Can Trudeau's budget restore 'generational fairness'? Economists say don't bet on it
CBC
"Everything that is created, built, served and sold in this country is increasingly being created, built, served and sold by Millennials and Gen Z," said Prime Minister Justin Trudeau as he announced what he called a budget focused on a quest for "generational fairness."
"Their success is Canada's success in the future, sure, but also right now. But the economy isn't rewarding them the way it used to reward their parents and grandparents.
"That's not right. That's not fair."
The notion has gained a lot of traction in recent years — that an entire generation has behaved like selfish parents who, instead of bequeathing their house to their struggling offspring, trade it for a reverse mortgage and spend the money on cruises and country club memberships.
"If you look at [younger Canadians'] life prospects, I think it's fair to say that they have had and will have a more difficult time of it than, say, my generation, who were quite lucky in the post-war period," said economist Robin Boadway of Queens University.
That certainly seems to be the view of many who reached adulthood in an era when home ownership for those just starting out can seem like an unattainable dream. But the economic trends that skewed the balance of power between generations were decades in the making — and economists say one budget won't be enough to restore that balance.
"I'm kind of a boomer hater," said a participant in a focus group organized by the Macdonald-Laurier Institute in September. "They're the people telling us to just walk in and hand in a resume… but they're the people that could just walk into a business and they'd have a career for the rest of their life."
"The boomers had the easiest life in human history," said another participant, who cited pandemic restrictions as another example of governments prioritizing the needs of older generations over those of everyone else.

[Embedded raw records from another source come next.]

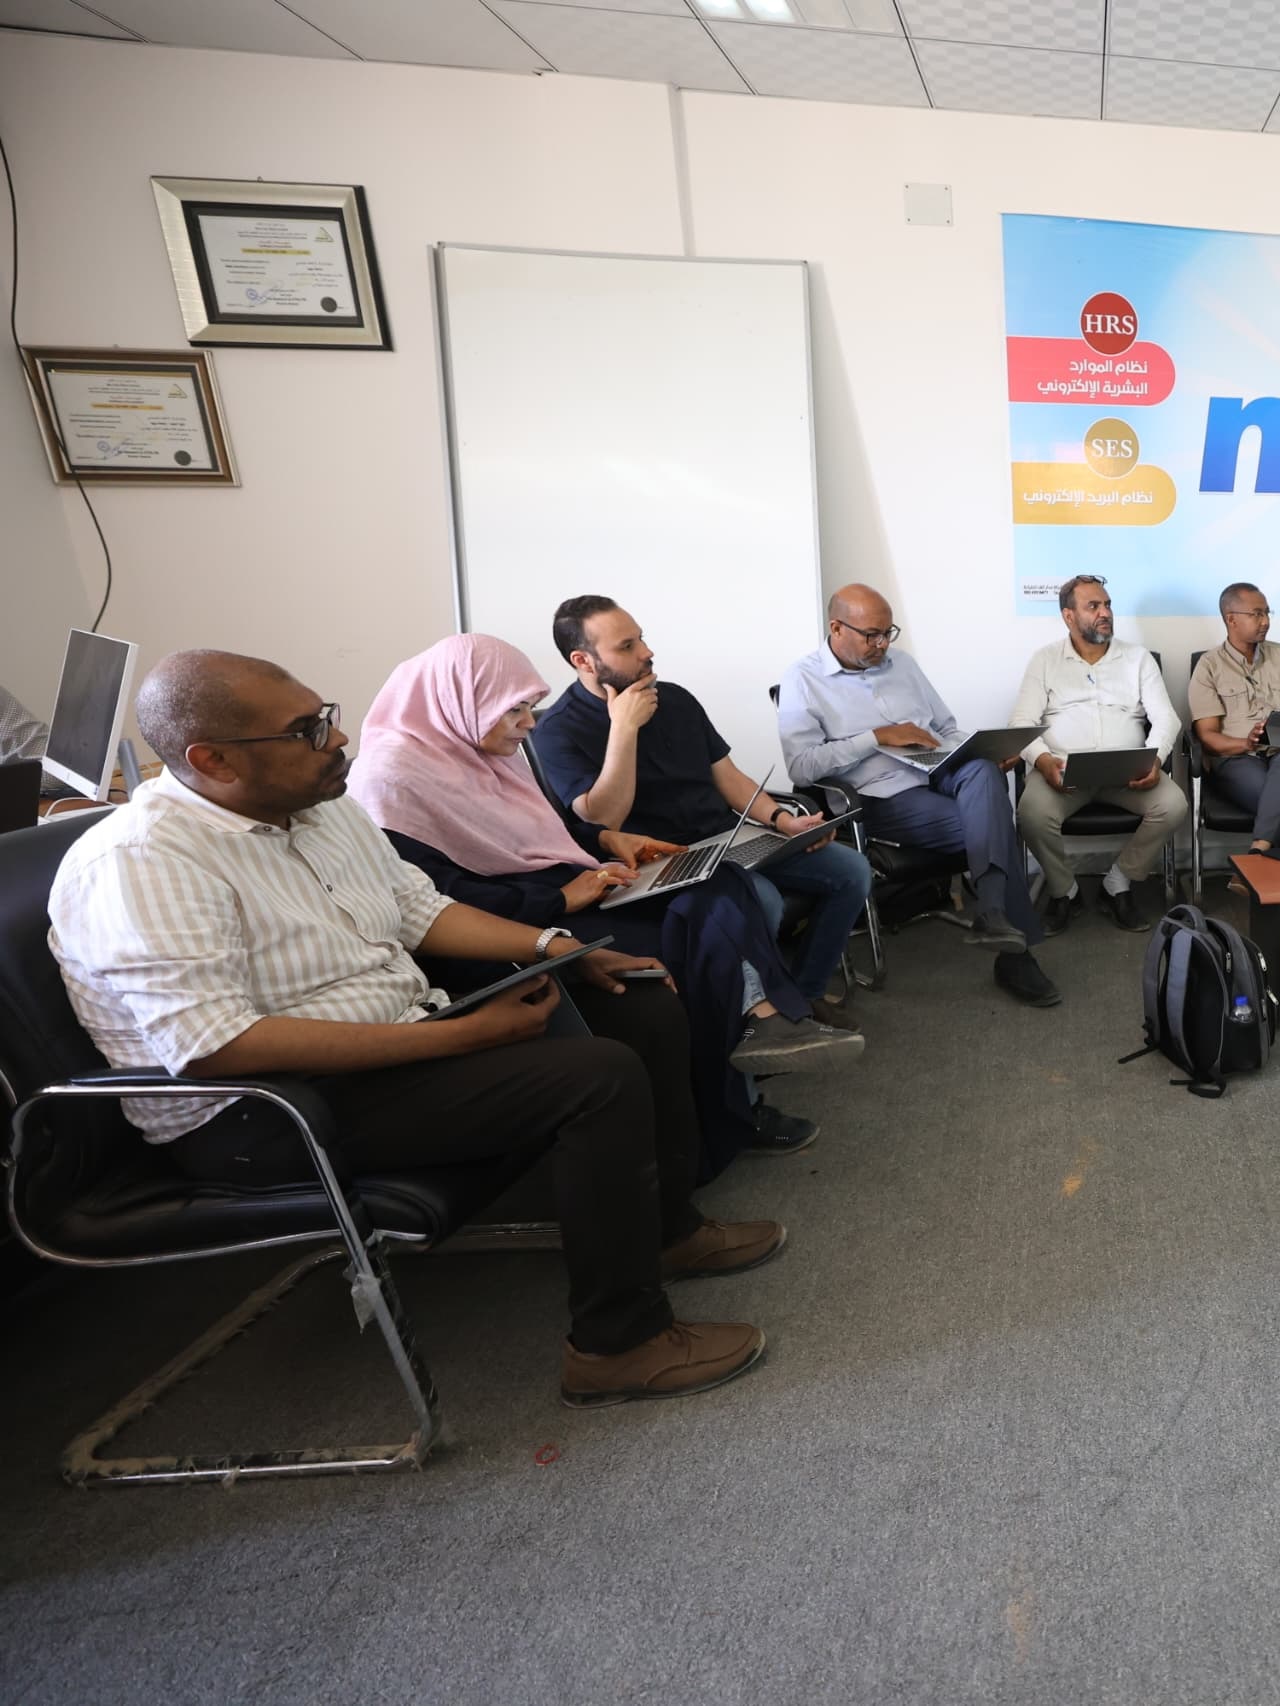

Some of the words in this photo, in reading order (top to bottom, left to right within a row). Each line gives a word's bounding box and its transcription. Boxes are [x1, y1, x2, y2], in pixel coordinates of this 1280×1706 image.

[1084, 313, 1135, 336] HRS
[1069, 359, 1113, 375] الموارد
[1115, 360, 1148, 376] نظام
[1037, 378, 1100, 399] الإلكتروني
[1102, 379, 1148, 398] البشرية
[1091, 438, 1133, 459] SES
[1023, 488, 1084, 508] الإلكتروني
[1087, 491, 1119, 506] البريد
[1121, 490, 1153, 506] نظام
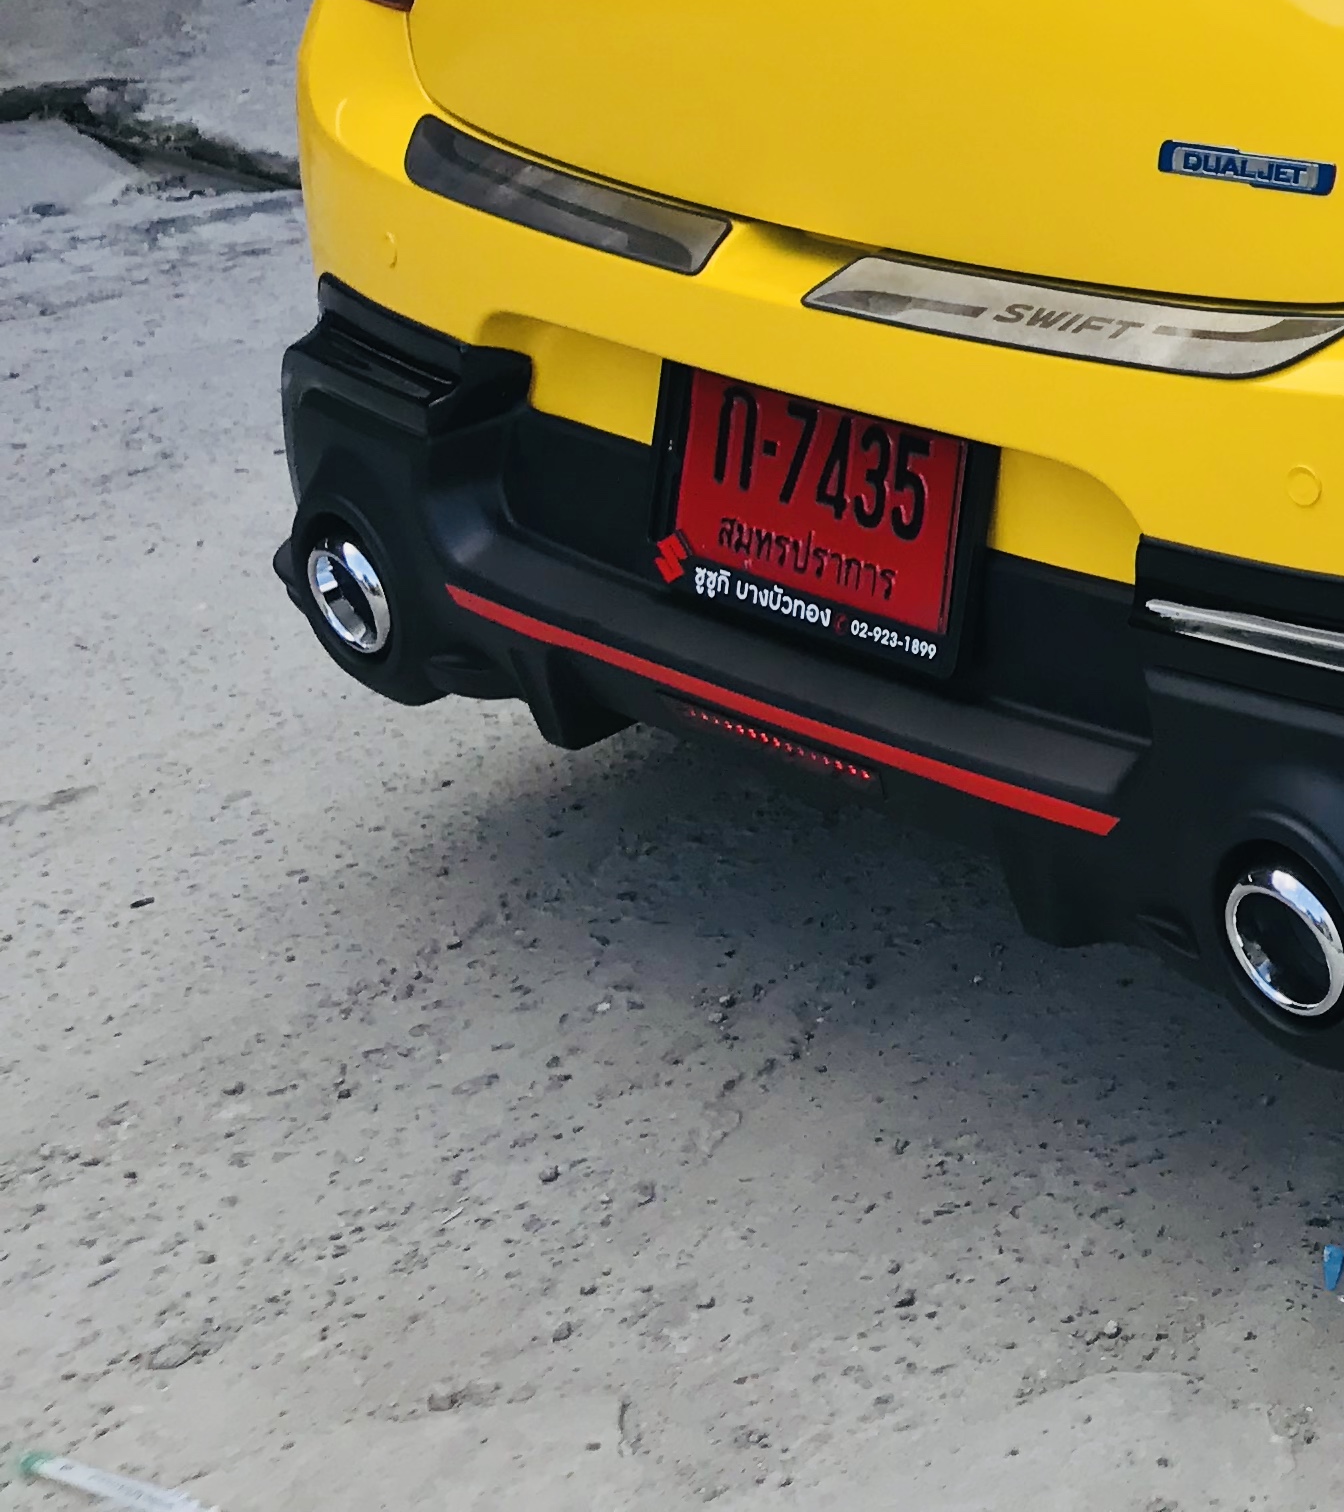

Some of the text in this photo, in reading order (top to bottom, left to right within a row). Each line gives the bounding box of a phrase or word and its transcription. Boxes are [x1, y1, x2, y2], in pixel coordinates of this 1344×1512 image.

"Some people gave up half their high school experience so the older generation could live a few more years in their fully funded retirement. In school, tuition wasn't lowered, but seniors got an Old Age Security bump."
Survey after survey has found that younger Canadians are more negative about the present and more pessimistic about the future than older demographics.
The problem for the Trudeau government is that this pessimism also expresses itself in low levels of support for the Liberals. Most polling suggests that the Liberal Party — which came to power in 2015 in part thanks to the support of younger voters — now trails the Conservatives by almost 2-1 among the under-40s. (The combined Liberal-NDP vote in the under-40 demographic remains larger than the Conservative share.)
The relentless focus of both opposition leader Pierre Poilievre and (lately) the Liberals on issues of affordability, especially housing, shows that both parties see them as key to winning over disaffected younger and first-time voters.
"Income matters less than it used to. Access to secure housing matters so much more," said Paul Kershaw, a professor at the UBC School of Population and Public Health and founder of the group Generation Squeeze, which lobbies for what it calls "intergenerational equity."
Kershaw said his own Vancouver home is an example of how real estate consolidates wealth.